Bleh i over looked your OP where it said (slow pass). Has it happened before? Maybe its the fuel or the MAF sensor?


----------



## FieroItaliano85 (Aug 5, 2011)

Weird....I haven't had this problem and I'm running e85 mix...


----------



## boats4life (May 28, 2011)

I've had his too, same mods...


----------



## cruzeman (Mar 13, 2011)

i cant even describe what the intake sounded like while it happened. The last thing I want is to lose confidence in the car already.
boats, how many times has this happened to you? I would love to data log it while it happens and let vince look at it.


----------



## shawn672 (Oct 31, 2010)

I always had weird things like this with the injen


----------



## boats4life (May 28, 2011)

It usually only happens when I switch over to the sport mode and play with it a lot. If I've been using sport mode all day, it'll kind of hesitate if I try to step on it and the intake gets kinda raspy... I'd love to datalog it, but I don't have a windows machine, lol.


----------



## cruzeman (Mar 13, 2011)

It was also the coldest morning that I have driven the car with the intake. 
I wonder how the intake could cause that to happen??


----------



## shawn672 (Oct 31, 2010)

cruzeman said:


> It was also the coldest morning that I have driven the car with the intake.
> I wonder how the intake could cause that to happen??


By tricking the MAF and misreporting the actual airflow


----------



## 70x7 (Apr 24, 2011)

are you automatic?


----------



## dennisu (Jun 17, 2011)

*cruzeman*

Only have the Trifecta tune on a stock 2011 automatic and have never had a second of hesitation under any condition even WOT. I use the sports *M*ode a fair amount. It may be related to the intake system.


----------



## cruzeman (Mar 13, 2011)

70x7 said:


> are you automatic?


manual


----------



## limited360 (May 6, 2011)

cruzeman said:


> manual


Started a thread about Injen issues... I emailed Injen and want a full refund.


----------



## 70x7 (Apr 24, 2011)

cruzeman said:


> manual


just want to make sure I read this right...
you are in 5th gear and go WOT to pass/speed up and the car hesitates

could be you just need to downshift. Due to the gearing in this and any manual for that matter, the taller gears are not meant to be used as passing gears. The autos dont have that problem cause the TCM downshifts..'automatically'


----------



## limited360 (May 6, 2011)

70x7 said:


> just want to make sure I read this right...
> you are in 5th gear and go WOT to pass/speed up and the car hesitates
> 
> could be you just need to downshift. Due to the gearing in this and any manual for that matter, the taller gears are not meant to be used as passing gears. The autos dont have that problem cause the TCM downshifts..'automatically'


He shouldn't have any issues with this situation if he is going faster than ~35mph (RPM may be too low otherwise).

What RPM is the engine at when you had this issue?
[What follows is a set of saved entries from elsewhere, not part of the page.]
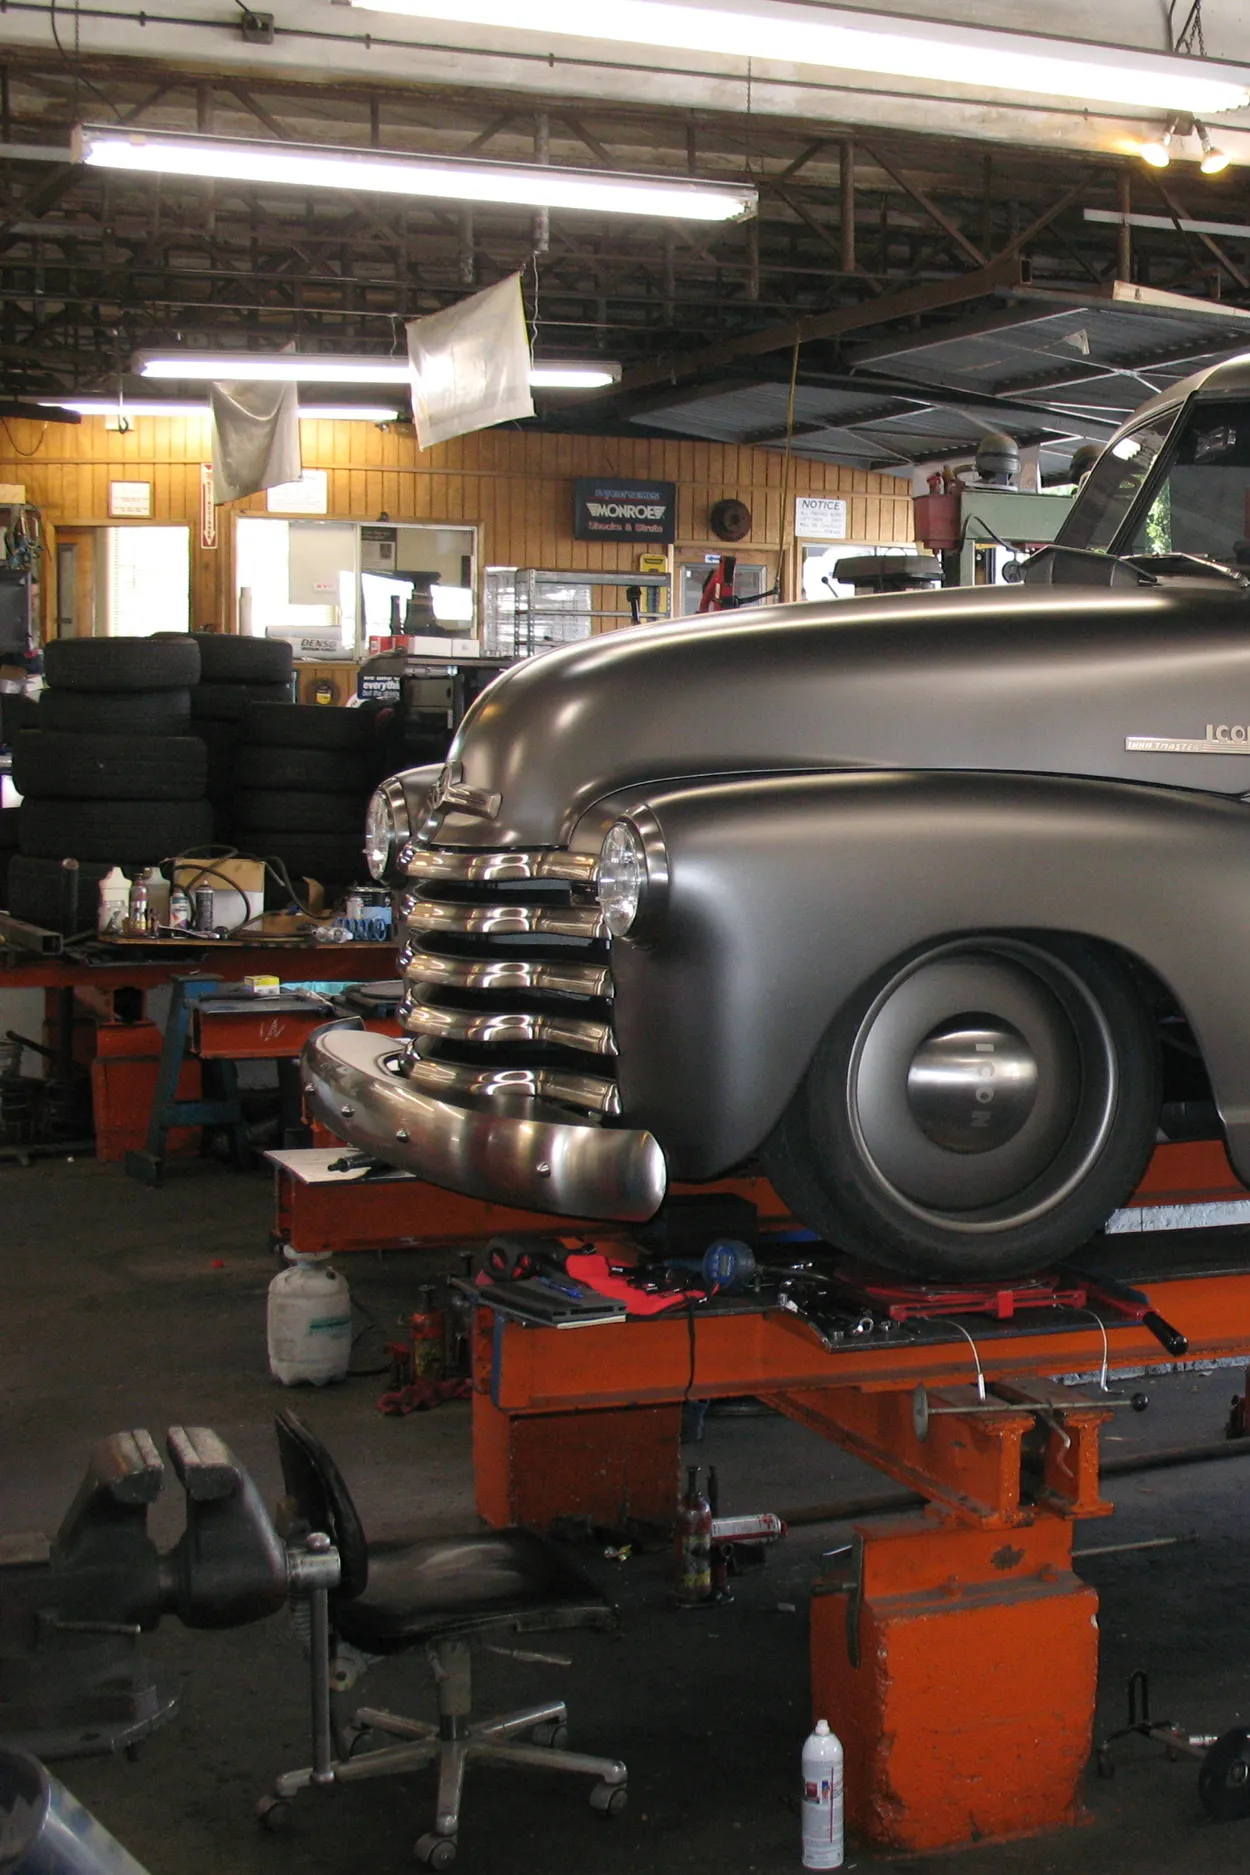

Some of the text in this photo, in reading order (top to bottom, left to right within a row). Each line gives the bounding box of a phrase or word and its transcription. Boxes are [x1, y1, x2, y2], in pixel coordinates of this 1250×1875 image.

[801, 500, 840, 510] NOTICE
[597, 503, 658, 519] MONROE
[588, 521, 622, 531] Shocks
[301, 639, 337, 648] DENSO
[363, 681, 400, 691] everythi
If RPM's are to low you could be surging the turbo (unlikely but if you were already into the gas pedal and than went WOT is plausible)?


----------



## cruzeman (Mar 13, 2011)

i was going approx 55 in 6th then i dropped it into 5th and floored it pretty much. I was prob going 65 when it gave out in 5th gear. It definitely was not a lugging hesitation due to low rpm


----------



## 70x7 (Apr 24, 2011)

limited360 said:


> He shouldn't have any issues with this situation if he is going faster than ~35mph (RPM may be too low otherwise).
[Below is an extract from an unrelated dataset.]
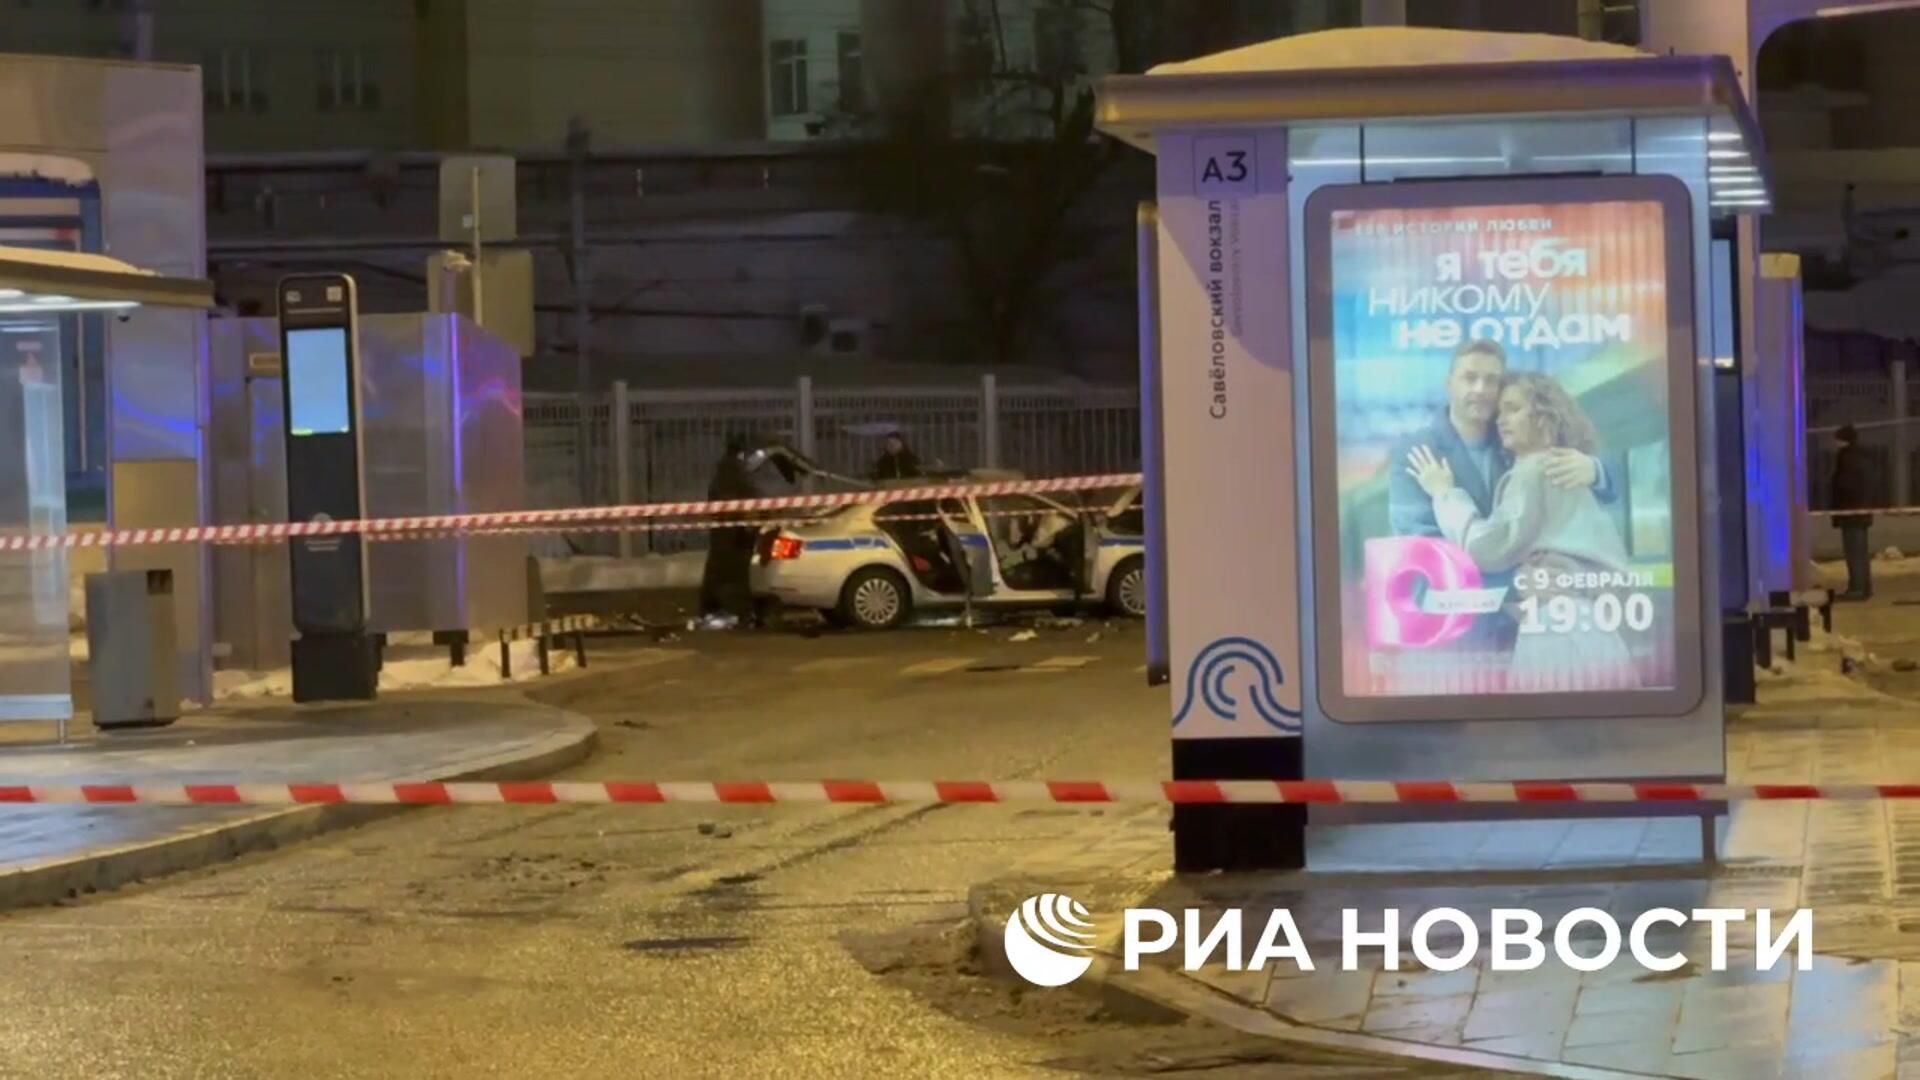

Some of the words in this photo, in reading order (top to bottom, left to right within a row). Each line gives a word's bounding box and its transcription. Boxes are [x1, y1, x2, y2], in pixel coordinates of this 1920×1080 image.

Thats not true, its not a speed thing, its a gear thing


----------



## cruzeman (Mar 13, 2011)

70x7 said:


> Thats not true, its not a speed thing, its a gear thing


 I have done this many times before without a problem but was the first time the temp was in the low 40's


----------



## Patman (May 7, 2011)

Are you sure you went to 5th and not 3rd? Did the engine you redline ? GM put a stall converter on the engines that if you take it above @6500 RPMS it will start dropping cylinders so you don't blow the engine.


----------



## dacruze (Jul 15, 2011)

I don't know if what i experienced yesterday is the same thing, i was coming through a school zone (25 mph) and it was up hill and i was getting back up to speed (55) in 4th (manual trans) and when i went to 5th i heard a slight "pop" noise and it was as if i had tropped an anchor behind the car. I was accelerating fine up to that point, but it was like a super hesitaton, but then it picked up and went on???? 
stock tune, no mods - Dan


----------



## CHUV (Jun 25, 2011)

^^^ that sounds like a backfire


----------



## 1990tsi (Apr 29, 2011)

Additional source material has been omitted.